Back when journalism, and our culture, believed in absolute truth, journalists were held to a standard that was transcendent…you reported on the facts. Your job was not to interpret what was happening, but to report it as factually and faithfully as you could. Why? Because there was a general desire to seek and report truth. It was the badge of honor and the standard of professionalism to report in this manner and the journalist, and the newspaper, went to great lengths and effort to reach and maintain that standard.
Therefore, when a journalist wrote an article, we accepted it as a faithful and true report of reality. The headline was therefore a summation of that faithful report and we instinctively believed it to be true.
But, something happened in our culture, and therefore in journalism. Absolute truth was rejected and the man became the source of truth. It became more and more about me. My motive moved from reporting what is “real” to reporting what I “feel”. But the format didn’t change and the reporting continued to look as if it were a faithful picture of reality. But, between the lines, there was now a growing agenda. The articles and the headlines became more and more tainted with underlying purposes. Some purposes were to sell more newspapers. Some purposes were to make a name for the reporter. Not to say that these purposes didn’t exist before. But they existed within the boundaries of a commitment to the Truth. So, you scrambled to be the first to report the news, the “scoop”, to sell more newspapers and you worked hard to explore and research and write skillfully the Truth to become the best reporter. But when you walk away from absolute Truth, you make your own “scoop” and you create headlines that sell, rather than tell.

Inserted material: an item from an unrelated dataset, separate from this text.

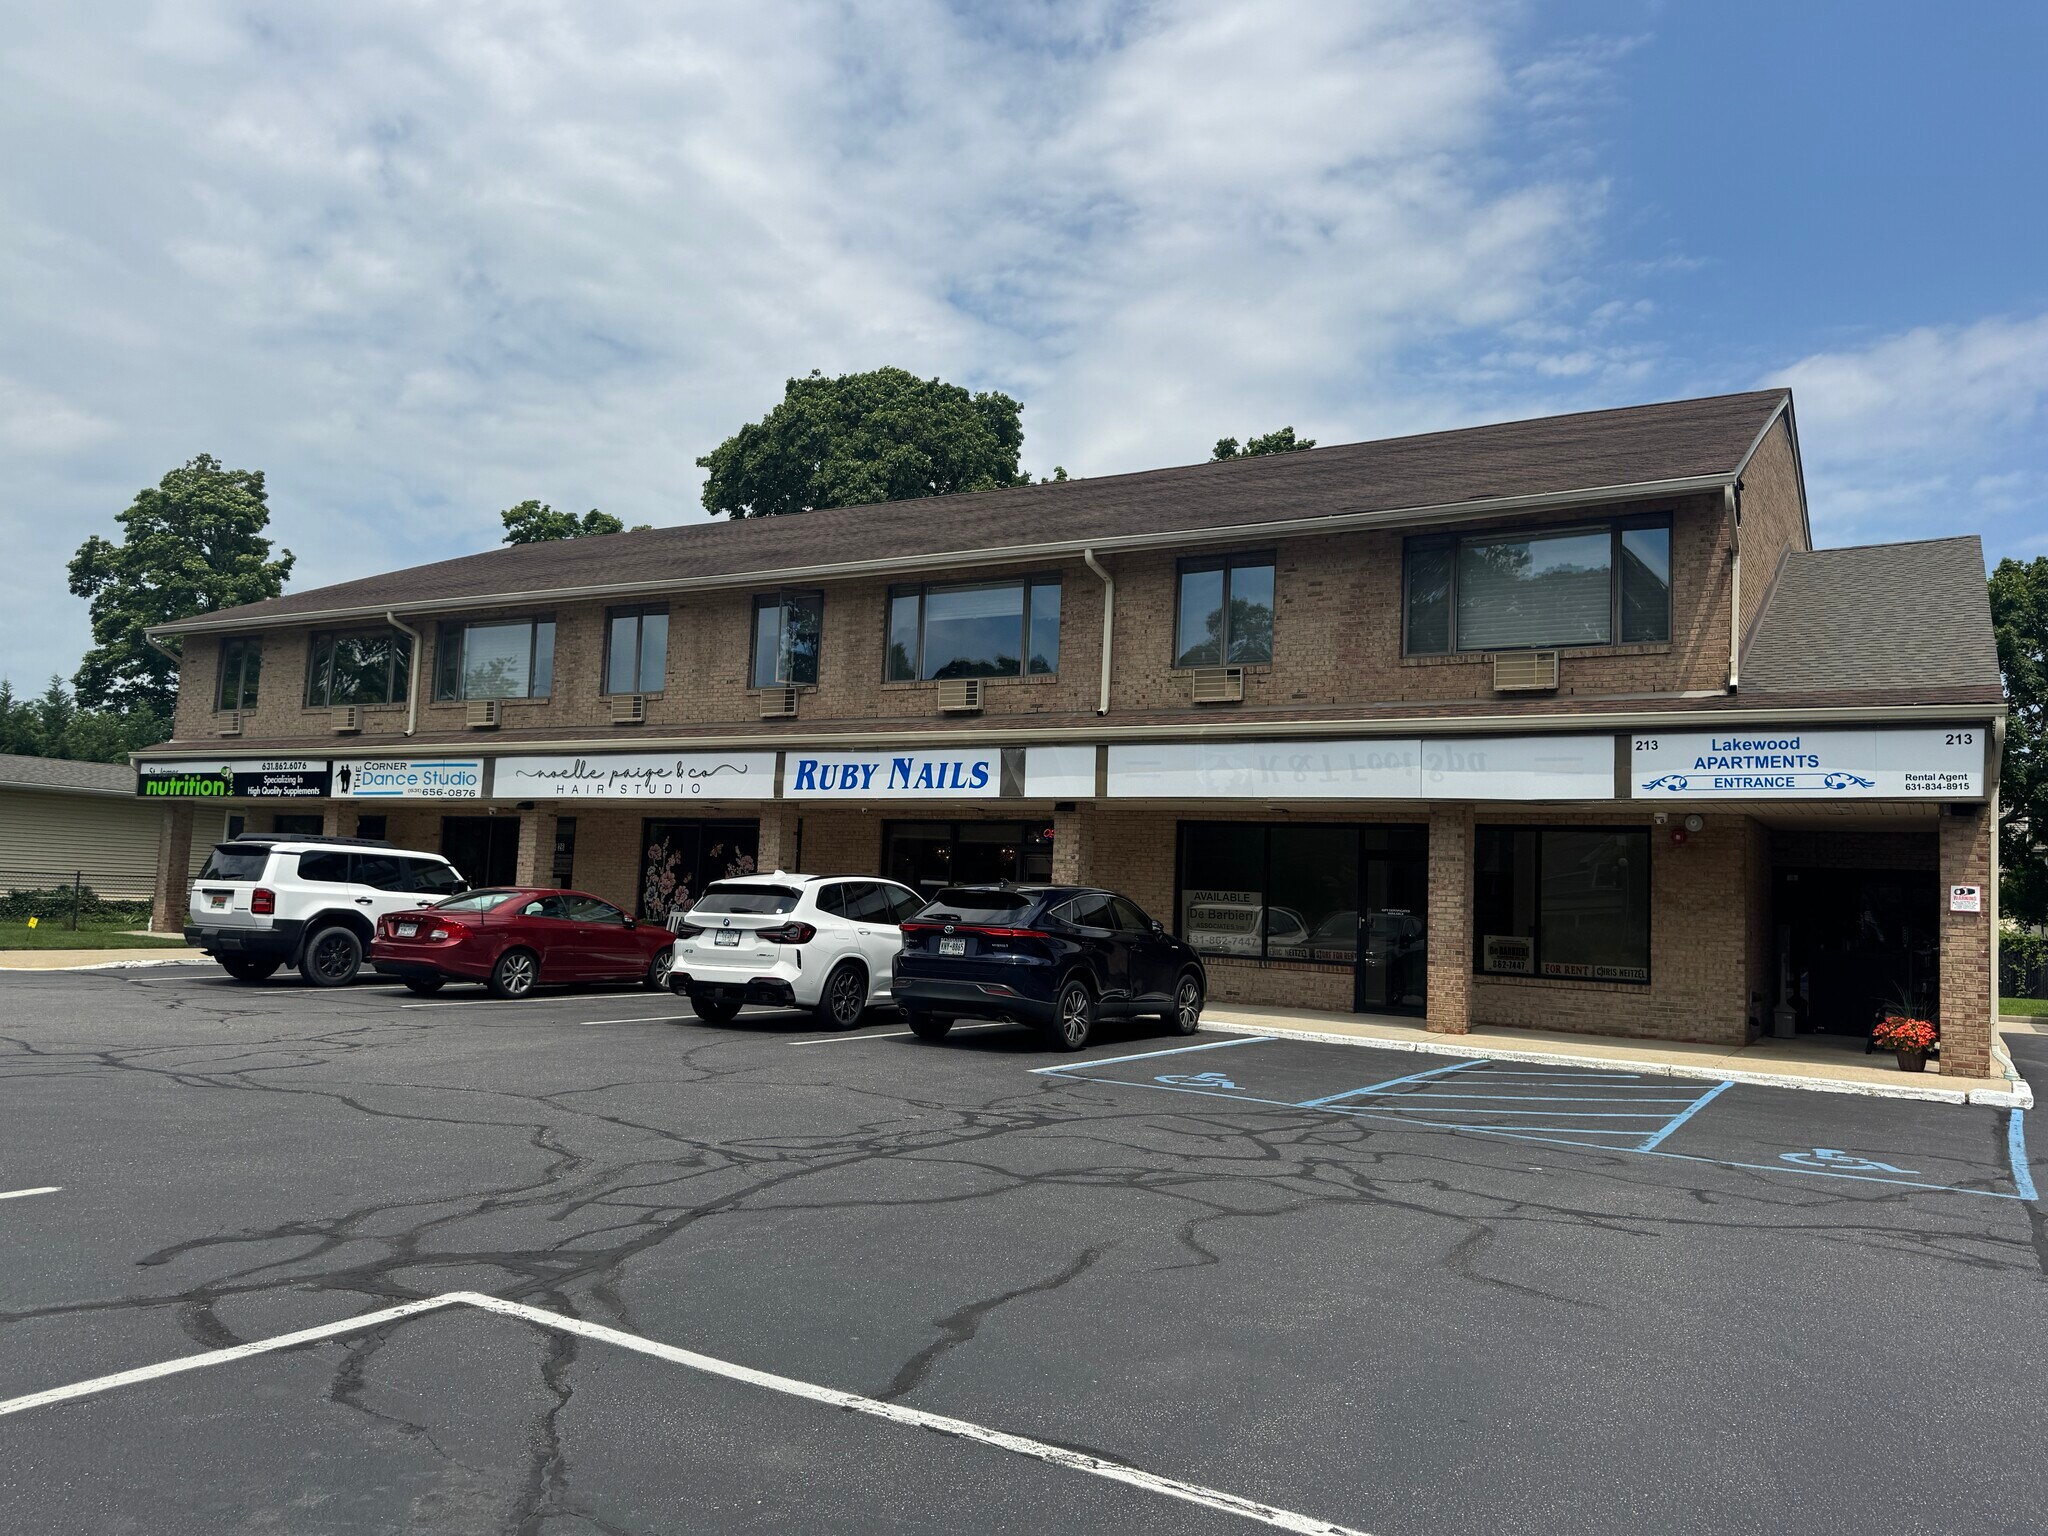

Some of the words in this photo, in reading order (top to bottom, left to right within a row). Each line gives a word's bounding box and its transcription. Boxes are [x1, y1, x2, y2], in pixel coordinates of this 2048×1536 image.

And, you begin to write, driven not by Truth, but by an Agenda.
It is a sad thing to say this, but it is a wise thing to acknowledge the true state of our culture: we must begin to retrain ourselves to see the headlines and the articles through the eyes of wisdom rather than naïve acceptance. Increasingly, the media carries an agenda and we must, sadly as it is, read them with a healthy skepticism and the question: “What is being sold here” rather than “faithfully being told here?”

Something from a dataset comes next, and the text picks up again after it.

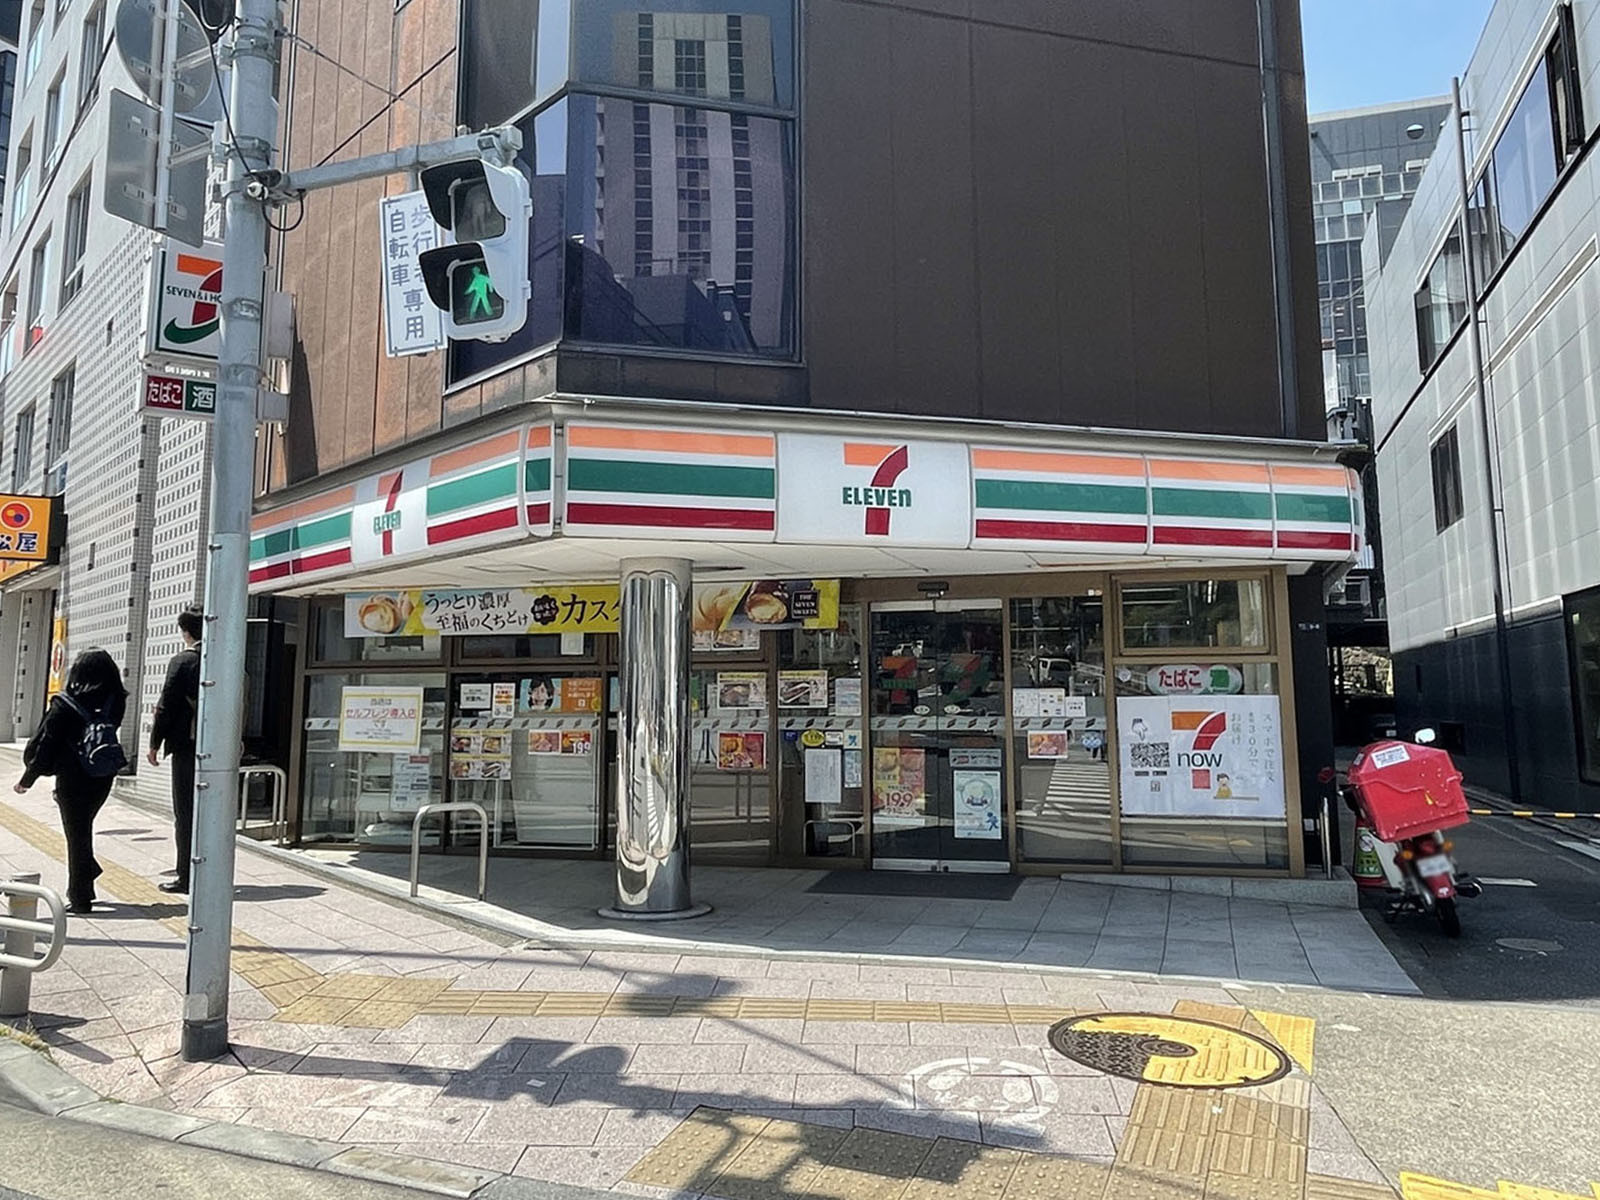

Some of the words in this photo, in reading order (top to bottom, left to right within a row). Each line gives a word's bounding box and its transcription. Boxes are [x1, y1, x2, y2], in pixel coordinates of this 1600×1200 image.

This is “Agenda Journalism”. Now, for sure, not all journalists are this way, nor are all articles and headlines. But, in my opinion, it is the increasing trend, especially for key issues in our culture.
“If you are anti-gay, Indiana wants you to visit” is actually quite silly and childish to write. It is certainly most unprofessional to do so. But, in a journalistic age where achieving the Agenda is the prime issue, and not Truth, this headline makes sense.
We need to simply learn how to read the Agenda between the lines and headlines.